Ketiga, panitera harus membuat berita acara pemeriksaan yang mencatat
keterangan saksi adalah palsu dan diserahkan ke penuntut umum untuk
diselesaikan.
"Michael Surya Gunawan menjadi tersangka karena sumpah palsu namun tak
ada berita acara pemeriksaan, oleh karena itu penetapan tersebut tidak
sah. Ketentuan formil tidak dipenuhi, dengan demikian sangkaan sumpah
palsu ke Michael Surya Gunawab tidak sah. Karena penyidikan tidak sah,
maka dakwaan harus dinyatakan tidak dapat diterima," kata Sidik.
Dakwaan sumpah palsu oleh jaksa penuntut umum disusun pada dakwaan
kedua sesuai Pasal 22 juncto Pasal 35 ayat (1) Undang-Undang Tipikor.
Untuk dakwaan pertama primer, jaksa menjerat dengan Pasal 2 ayat (1)
juncto Pasal 18 UU Tipikor juncto Pasal 56 ayat (1) KUHP. Sedangkan
dakwaan pertama subsider berdasarkan Pasal 3 juncto Pasal 18 UU
Tipikor.
Jaksa menjadikan Michael tersangka setelah dianggap memberikan
keterangan palsu dalam sidang dengan terdakwa Pulung Sukarno (Pejabat
Pembuat Komitmen) dan Bahar (Ketua Panitia Lelang Pengadaan) di
Pengadilan Tipikor Jakarta. Michael mengaku tak bertemu dengan pajak,
padahal pada pemeriksaan para tersangka dalam kasus yang sama, Michael
mengaku bertemu dengan pejabat pajak.
Terkait dakwaan korupsi, Kejaksaan Negeri Jakarta Selatan menganggap
Michael telah membantu Lim Wendra Halingkar, Direktur PT Berca, dengan
cara melakukan pertemuan dengan Rafianto, Kepala Subdirektorat
Pengembangan Aplikasi Dirjen Pajak untuk membahas bagaimana
memuluskan langkah PT Berca agar memenangkan lelang Paket
Pengembangan Perangkat dan Media Komunikasi Data Dirjen Pajak tahun
2006. Negara dirugikan sebesar Rp 14,9 miliar.

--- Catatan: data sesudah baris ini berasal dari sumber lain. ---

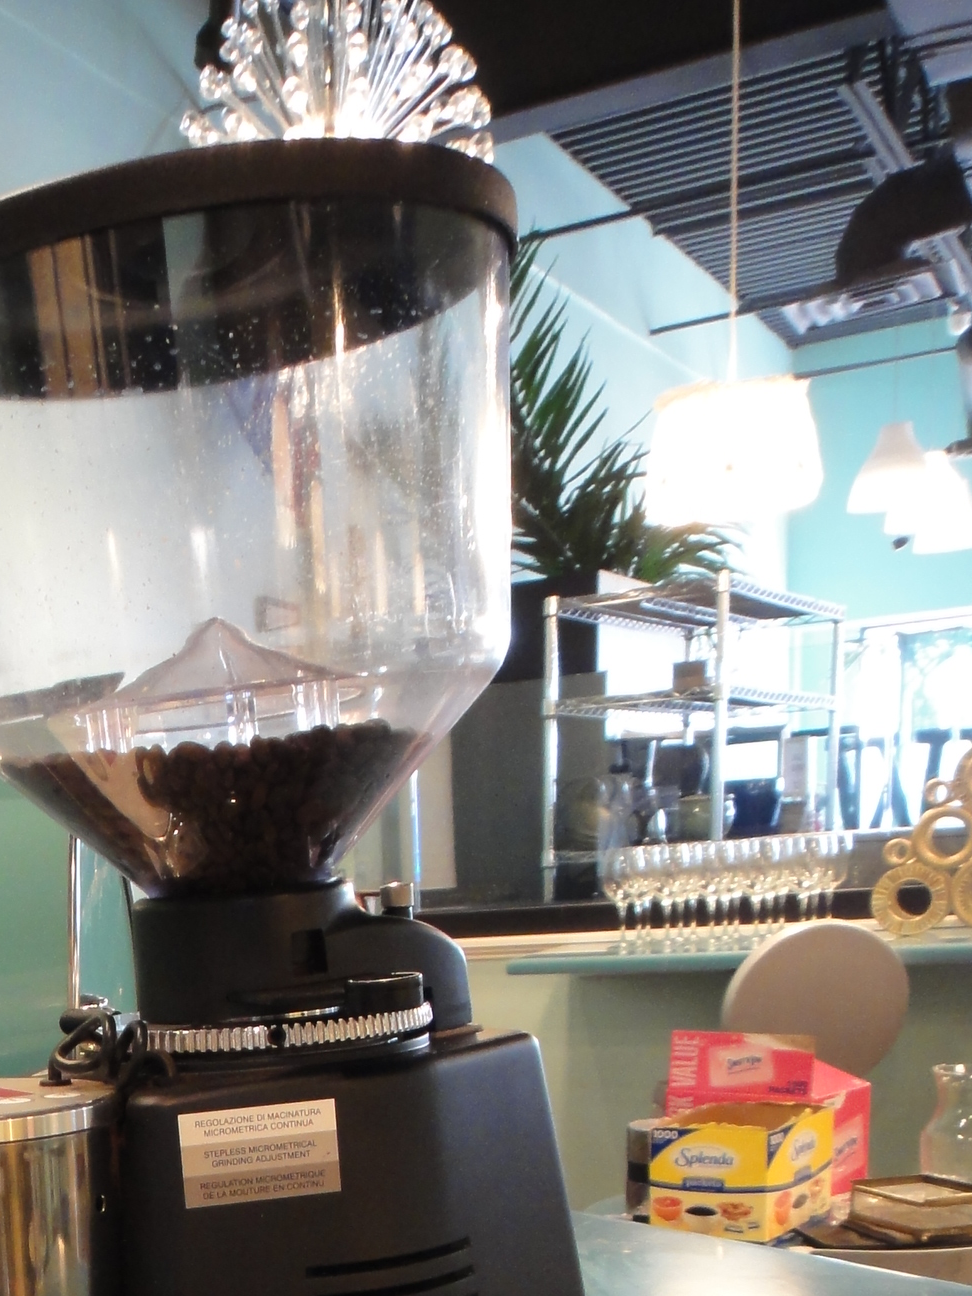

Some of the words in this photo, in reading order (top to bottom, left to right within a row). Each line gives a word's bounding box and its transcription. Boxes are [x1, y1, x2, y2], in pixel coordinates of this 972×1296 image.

[670, 1036, 699, 1086] VALUE
[194, 1114, 254, 1128] REGOLAZIONE
[256, 1113, 266, 1122] DI
[267, 1107, 322, 1121] MACINATURA
[203, 1122, 269, 1137] MICROMETRICA
[270, 1118, 314, 1131] CONTINUA
[653, 1130, 678, 1139] 1000
[203, 1147, 247, 1159] STEPLESS
[248, 1139, 317, 1154] MICROMETRICAL
[211, 1156, 254, 1168] GRINDING
[255, 1150, 311, 1163] ADJUSTMENT
[674, 1147, 734, 1168] Splenda
[199, 1176, 254, 1190] REGULATION
[255, 1169, 326, 1185] MICROMETRIQUE
[203, 1191, 215, 1201] DE
[216, 1190, 228, 1199] LA
[229, 1184, 270, 1197] MOUTURE
[273, 1183, 285, 1192] EN
[286, 1179, 325, 1191] CONTINU
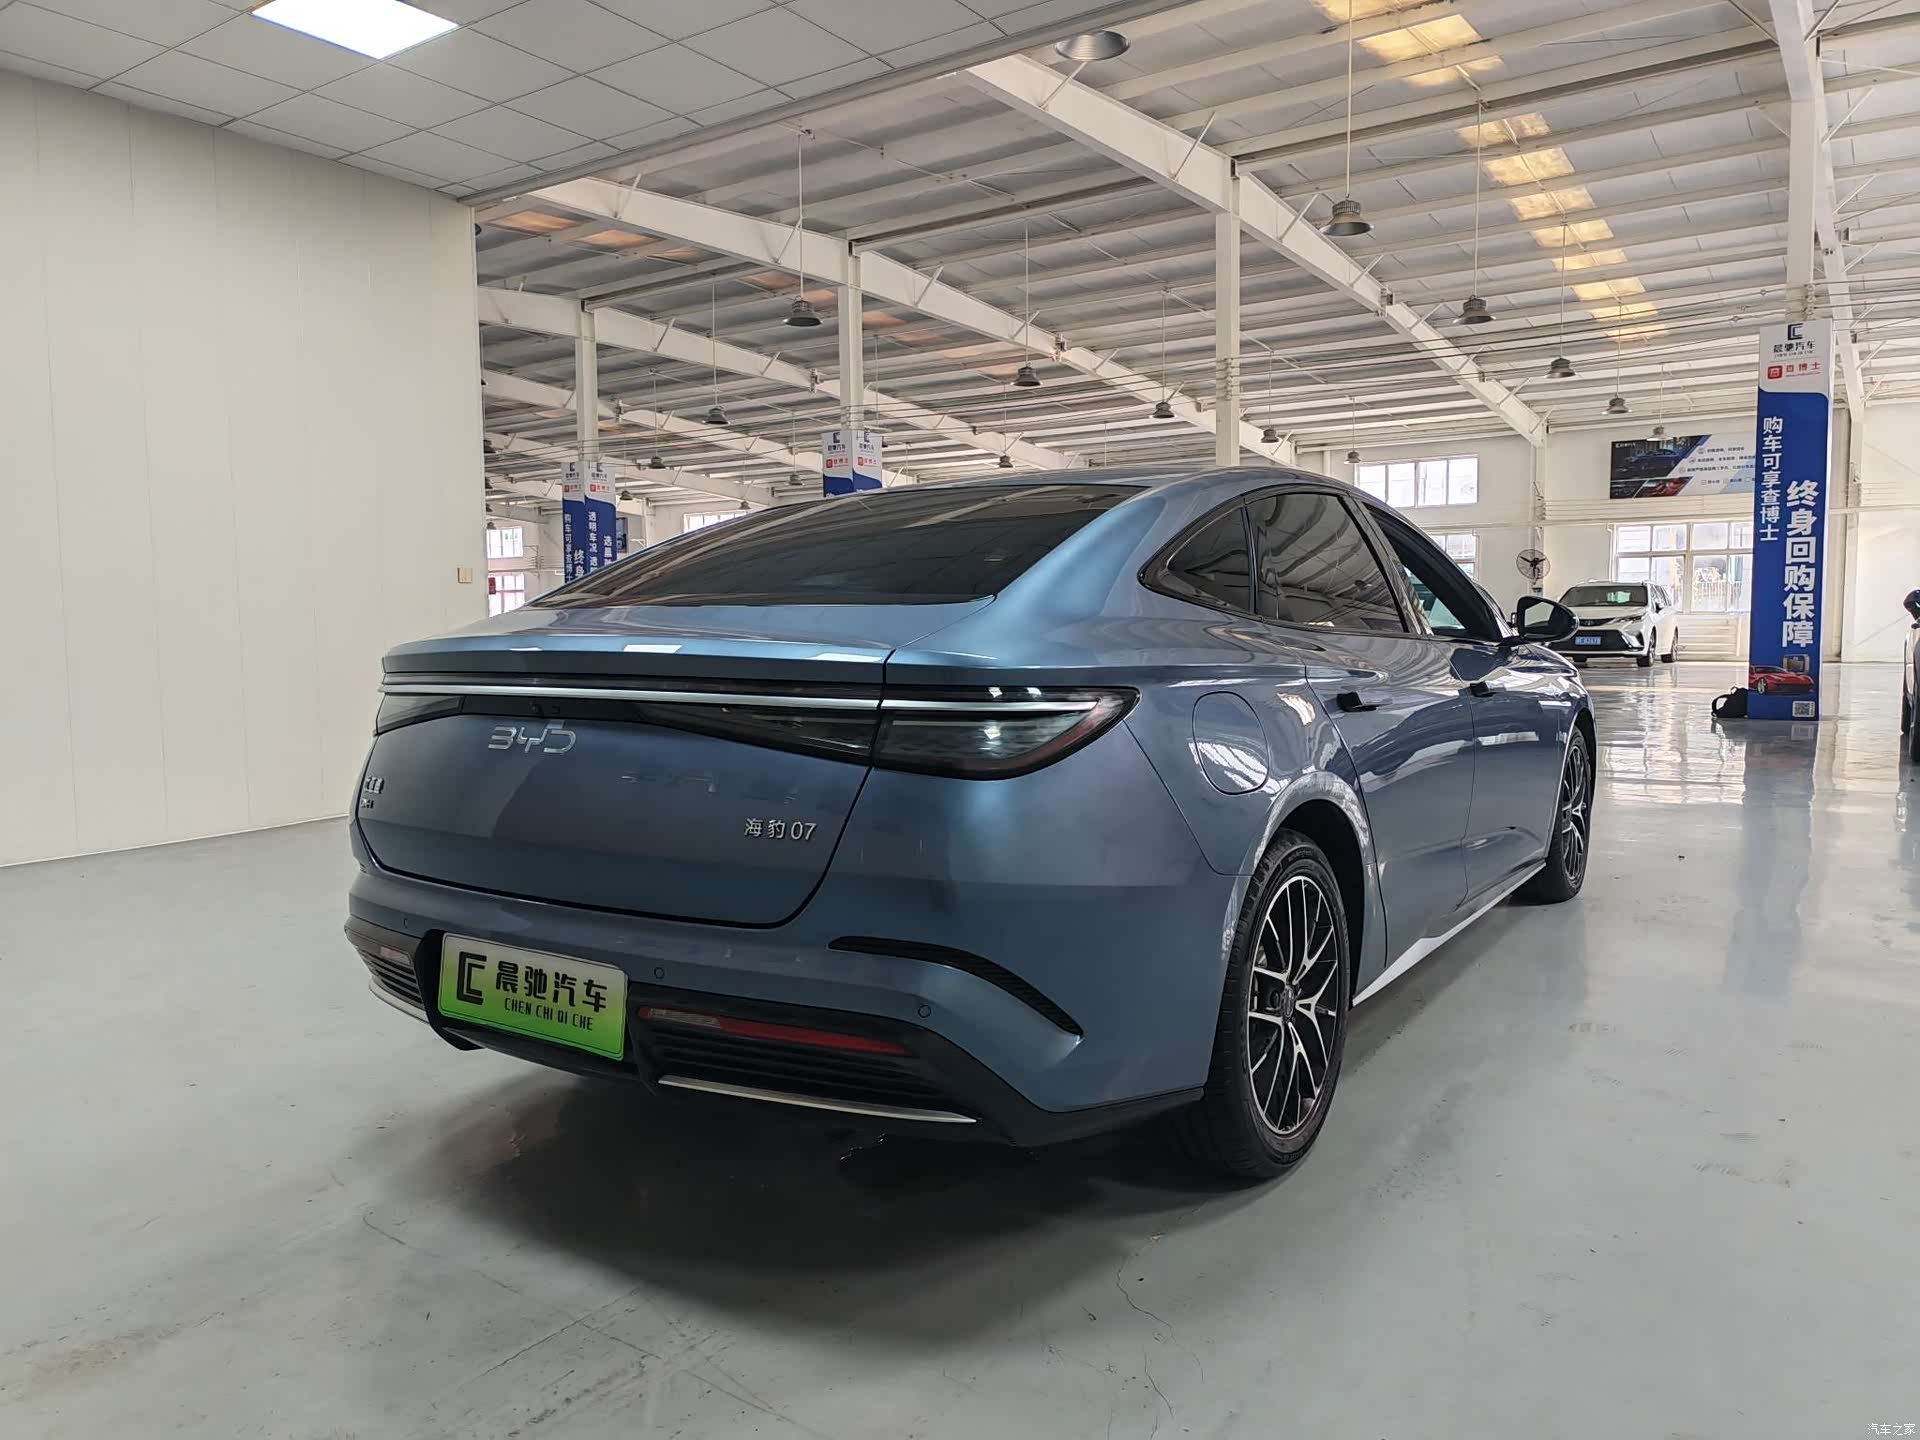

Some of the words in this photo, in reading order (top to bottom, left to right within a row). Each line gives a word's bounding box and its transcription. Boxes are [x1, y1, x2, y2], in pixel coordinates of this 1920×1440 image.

[1759, 416, 1784, 541] 购车可享查博士
[1781, 479, 1819, 648] 终身回购保障
[488, 726, 576, 754] BYD
[496, 960, 607, 1013] 晨驰汽车
[504, 997, 532, 1015] CHEN
[536, 1004, 553, 1020] CHI
[572, 1013, 593, 1031] CHE

Dalam kesempatan itu, penasehat hukum terdakwa juga membantah ada
kerugian negara. Menurut Tumbur Simanjuntak, tak ada kerugian negara
karena semua barang sudah diserahkan pada tahun 2006 sesuai dengan
berita acara penyerahan barang. Jika kemudian ada barang yang hilang,
hal tersebut bukan tanggung jawab perusahaan pemenang.
PT Berca telah menyerahkan seluruh barang dengan berita serah terima
segaka tanggal 11 Desember 2006, 100 persen semua barang telah
dipenuhi," kata Tumbur. Karena itu, unsur kerugian negara menurut
Tumbur tak terbukti.
Pledoi penasehat hukum Michael diberi judul panjang yang unik, yaitu
"Gara-gara Kopi Secangkir Michael Surya Gunawan Dijadikan Korban
Pemaksaan Kasus Pidana Guna Mengejar Target Kejaksaan. Kopi secangkir
merujuk pada istilah pertemuan Michael dengan pejabat pajak.

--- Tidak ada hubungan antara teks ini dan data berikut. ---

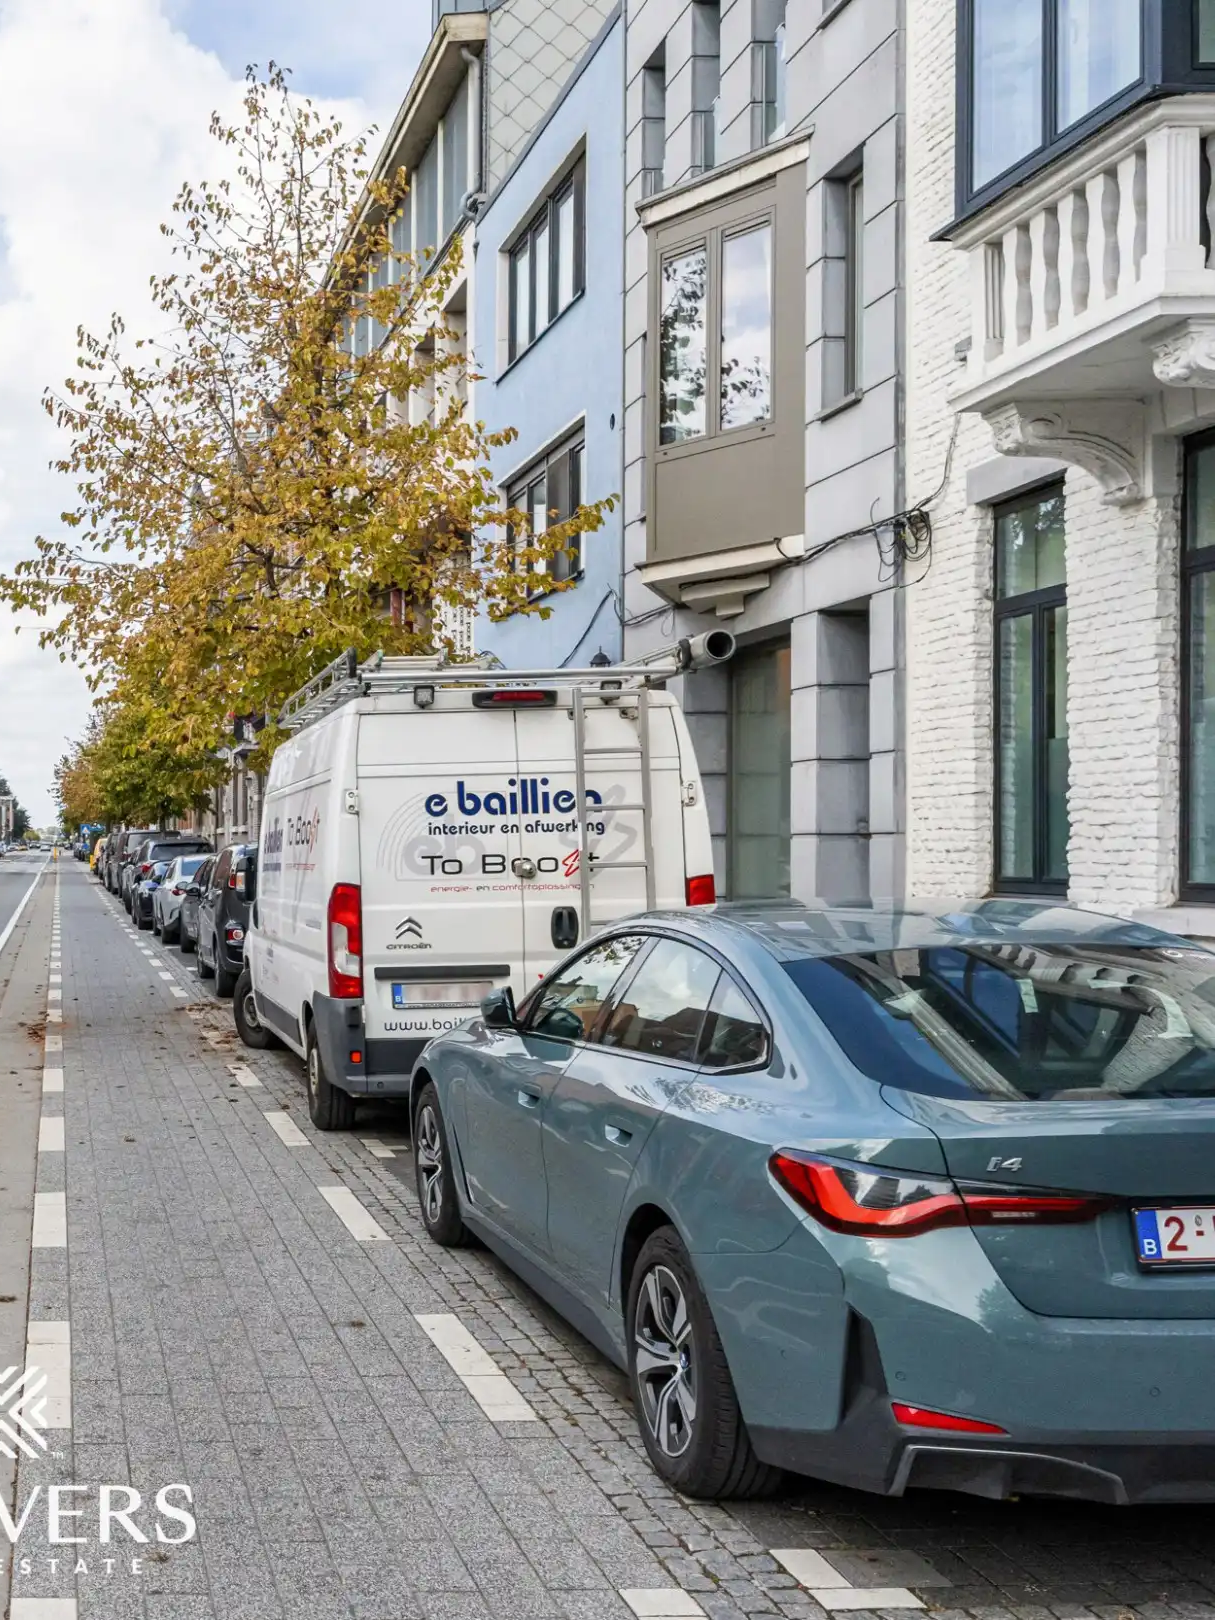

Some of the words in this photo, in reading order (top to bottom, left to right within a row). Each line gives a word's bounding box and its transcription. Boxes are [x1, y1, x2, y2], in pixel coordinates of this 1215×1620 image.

[425, 793, 448, 817] e
[457, 777, 603, 817] baillien
[428, 821, 495, 836] interieur
[500, 823, 519, 834] en
[525, 819, 605, 836] afwerkng
[421, 855, 463, 875] To
[492, 882, 595, 894] comfortoplossingn
[384, 1017, 467, 1031] www.bai
[986, 1156, 1023, 1172] i4
[1143, 1238, 1157, 1255] B

"Gara-gara kopi secangkir, Michael Surya Gunawan dituntut empat tahun
penjara, dendan Rp 500 juta subsider kurungan enam bulan, dan
diharuskan membayar uang pengganti kerugian negara sebesar Rp 7,3
milar atau jika tidak dipenuhi diganti dengan pidana penjara tiga
tahun," kata Sidik.
Sidik menyatakan, tuntutan membayar uang pengganti tak sesuai dengan
fakta karena semua barang sudah dipenuhi Berca. "Di kasus yang sama
dengan terdakwa yang berbeda, kerugian negara yang bisa dibuktikan Rp
265 juta karena barang-barang yang hilang sudah dipenuhi kontraktor.

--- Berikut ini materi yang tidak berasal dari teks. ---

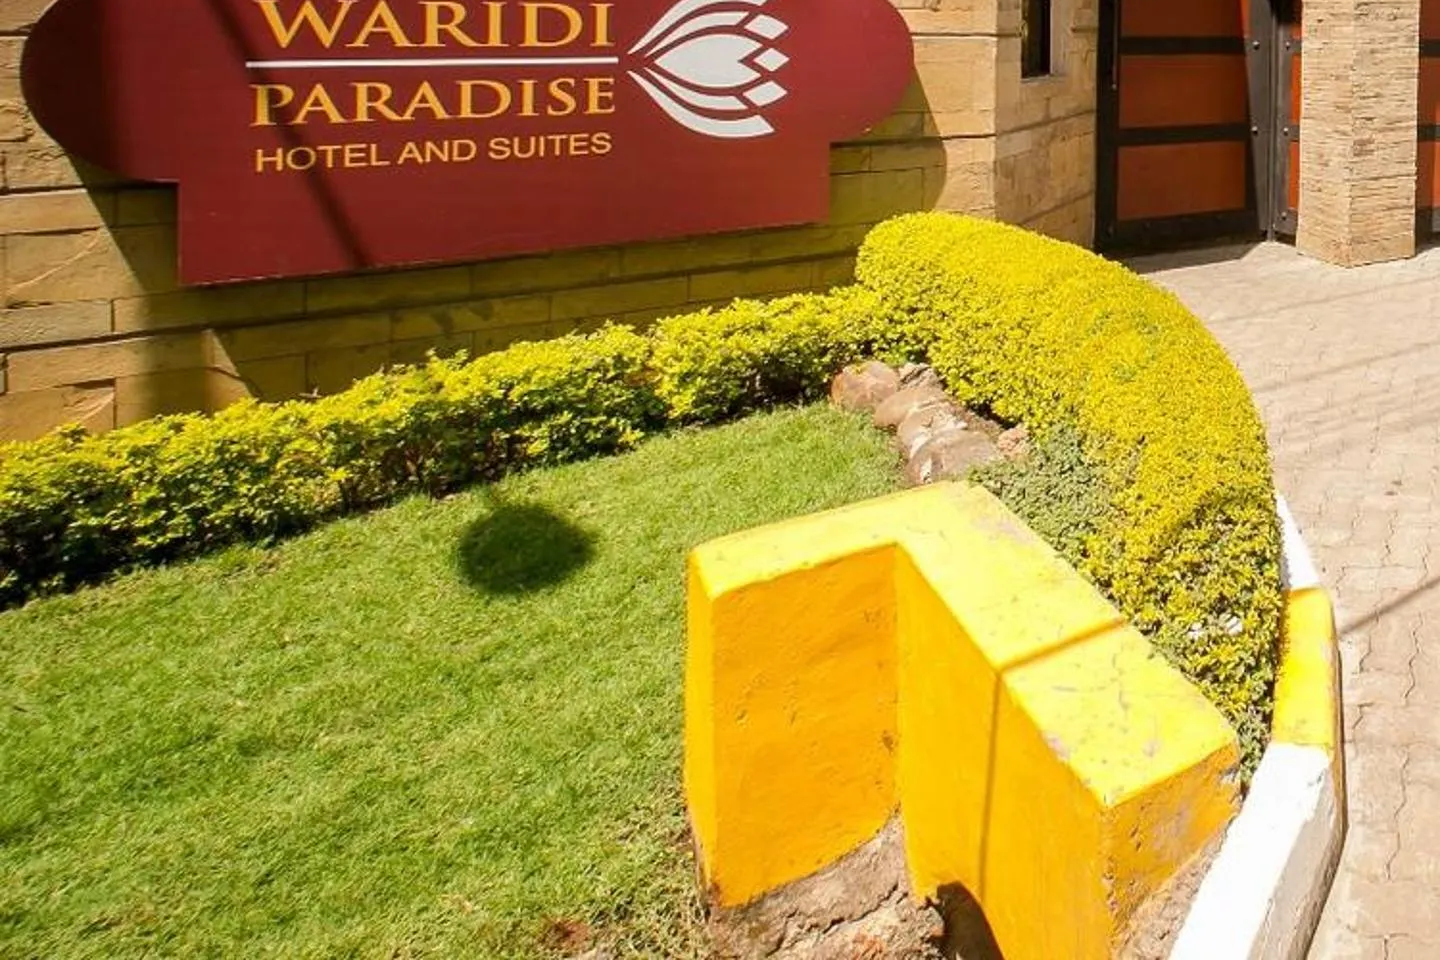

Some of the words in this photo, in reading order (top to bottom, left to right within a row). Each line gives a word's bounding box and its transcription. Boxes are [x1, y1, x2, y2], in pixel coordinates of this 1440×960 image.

[250, 76, 617, 126] PARADISE
[254, 143, 391, 173] HOTEL
[397, 139, 478, 165] AND
[488, 131, 613, 160] SUITES

Namun, jaksa sampai sekarang masih menggunakan nilai Rp 14,6 mliar,"
kata Sidik.
Rentetan kasus korupsi di Dirjen Pajak ini terungkap ketika Badan
Pemeriksa Keuangan menemukan kejanggalan Rp 12 miliar dalam proyek
pengadaan sistem informasi yang menelan anggaran Rp 43 miliar. Dalam
proses pelaksanaan proyek, diduga terjadi kecurangan berupa perubahan
spesifikasi teknis yang menyesuaikan penawaran dari salah satu peserta
lelang, yaitu PT Berca, perusahaan milik Murdaya Poo yang kemudian
ditetapkan menjadi pemenang lelang. September 2012 lalu, Bahar telah
divonis pidana penjara 3 tahun, sementara Pulung Sukarno dipidana
penjara 2 tahun. (AMR)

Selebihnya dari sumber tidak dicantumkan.